Background. Several reports have related renin-angiotensin system impairment to the severity of COVID-19 and other pulmonary disorders. Aims. To evaluate the association of the rs1799752 variant in the ACE gene and the serum ACE enzyme activity with the severity of COVID-19. Methods. We evaluated 1,252 patients with severe COVID-19; 104 subjects recovered from COVID-19 who were hospitalized and required invasive mechanical ventilation (IMV) (post-COVID-19 patients); and 74 patients hospitalized due to a chronic respiratory disease different to COVID-19 diagnosis (non-COVID-19 patients). The rs1799752 indel variant (I/D) was genotyped using TaqMan Assays.
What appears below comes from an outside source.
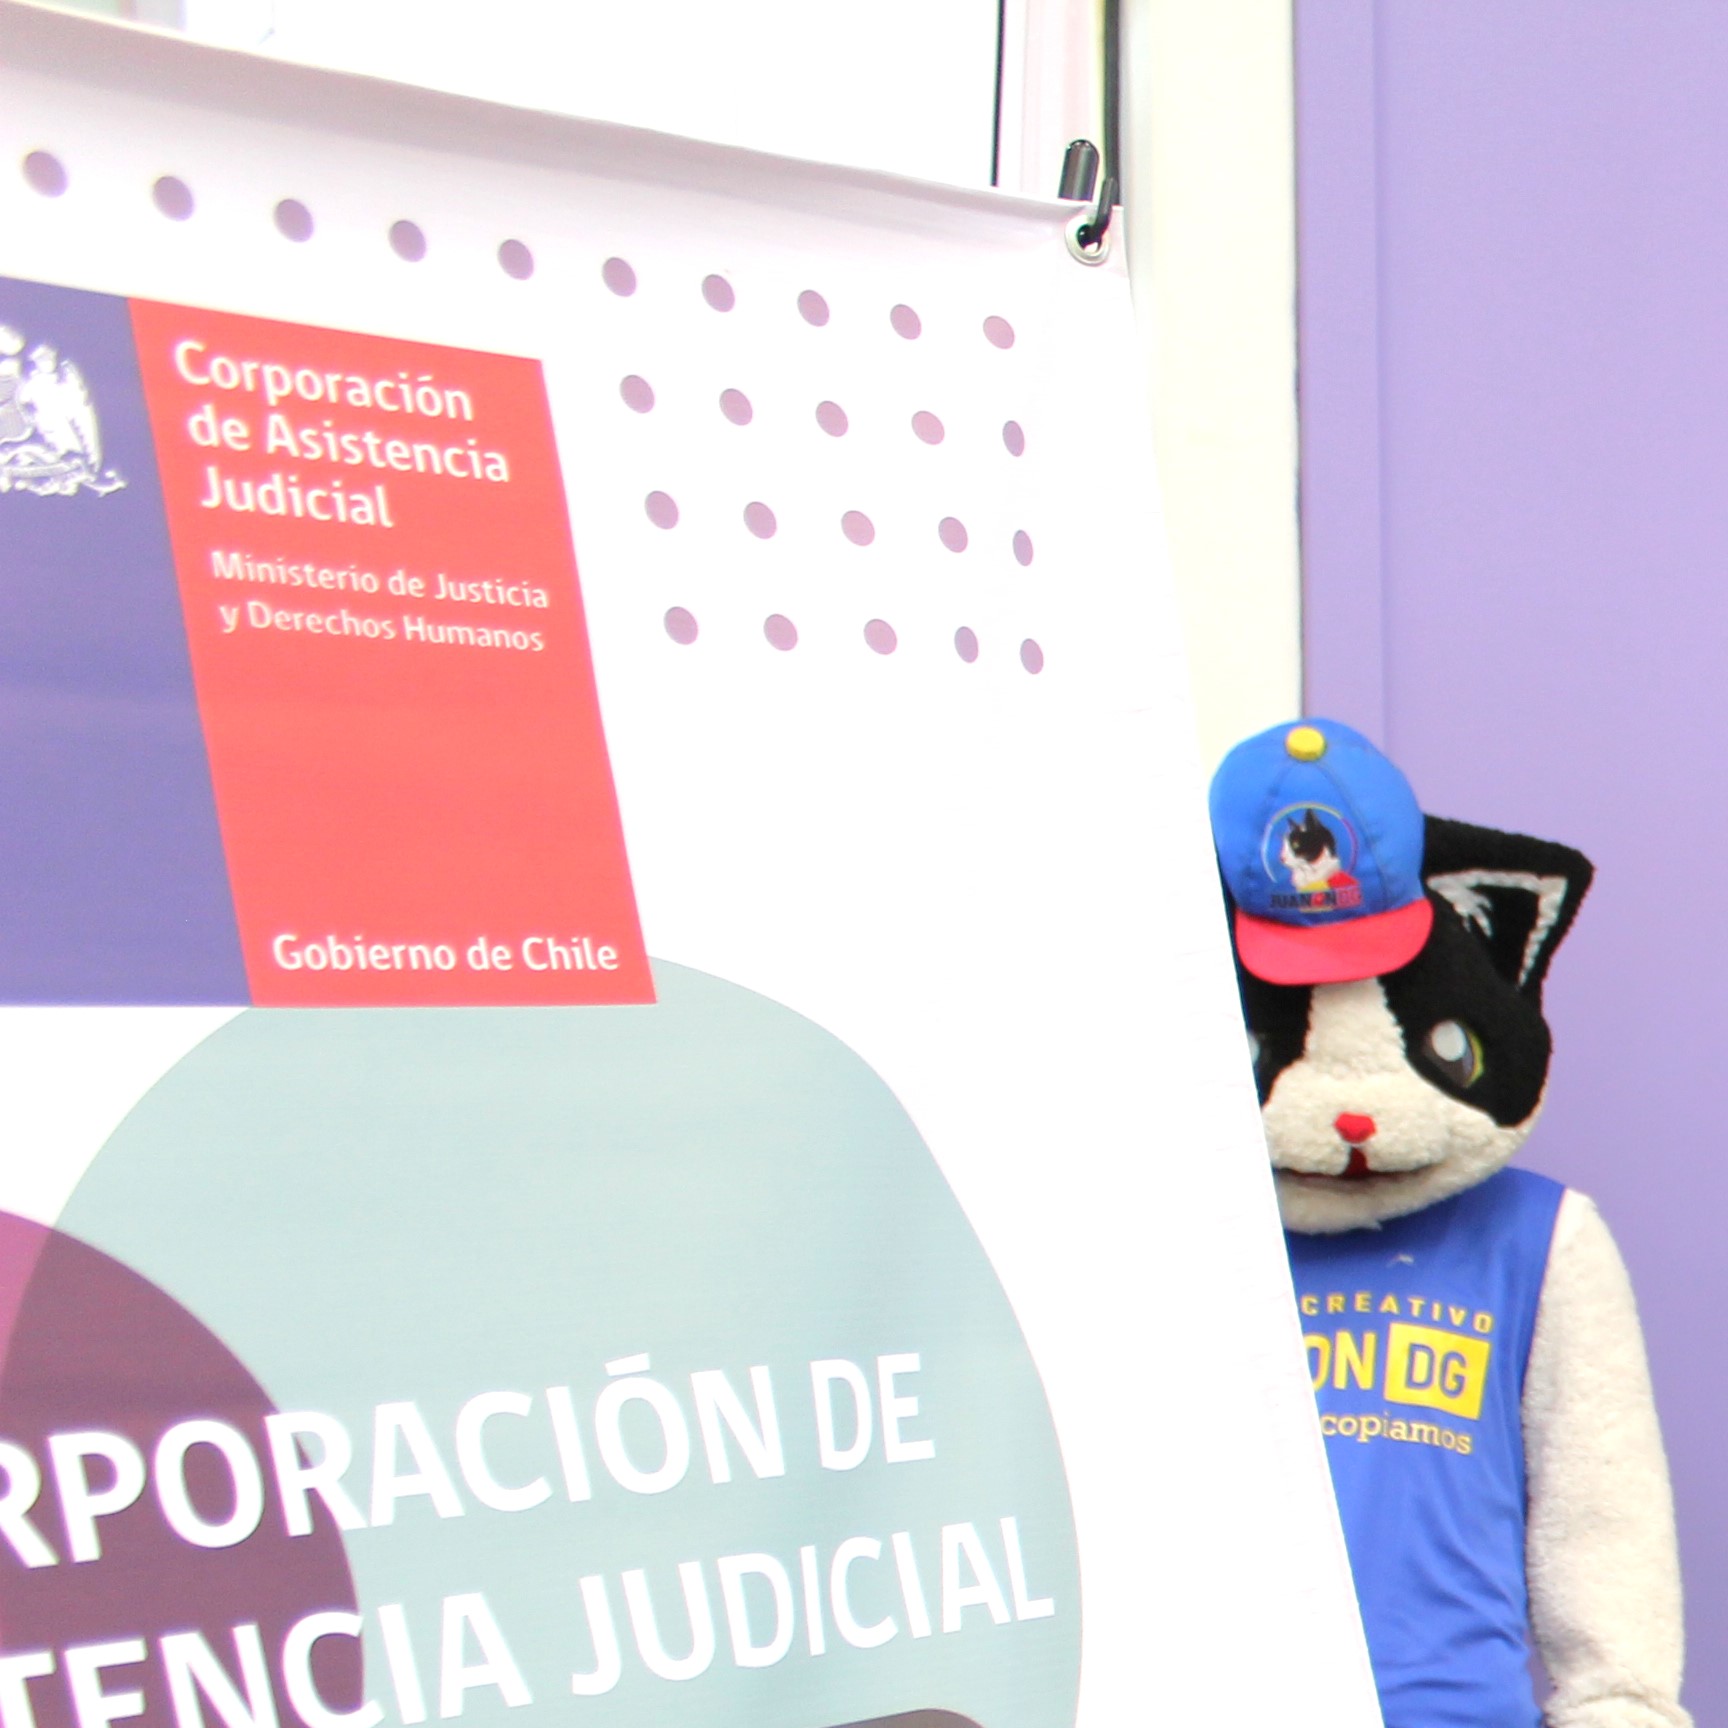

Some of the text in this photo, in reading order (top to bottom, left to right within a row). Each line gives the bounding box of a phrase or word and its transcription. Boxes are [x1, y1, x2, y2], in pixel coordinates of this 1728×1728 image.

The serum ACE activity was determined in a subgroup of patients (n=161) employing the ACE Activity Assay Kit (Colorimetric, Abcam). Data analyses were performed in PLINK and RStudio. Results. We found a higher frequency of the DD genotype among patients that required IMV when compared to non-IMV subjects following a recessive model (p=0.025, OR=1.43, 95% CI 1.05-1.95); meanwhile, the ID genotype was associated with a decreased risk of IMV (p=0.005, OR=0.70, 95% CI 0.55-0.90). Moreover, the frequency of this genotype was higher in patients with COVID-19 (p=0.031) and post-COVID-19 (0.025) than those included in the non-COVID-19 group. The serum ACE activity level was found to be higher for the post-COVID-19 (50.00 U/L [42.16-62.25 U/L]) when compared to non-COVID-19 (22.30 U/L [13.84-32.23 U/L]) and COVID-19 groups (27.94 U/L [20.32-53.36 U/L]). Conclusion. The DD genotype confers a risk of IMV in patients with COVID-19; meanwhile, a decreased serum ACE activity level could be related to severe COVID-19.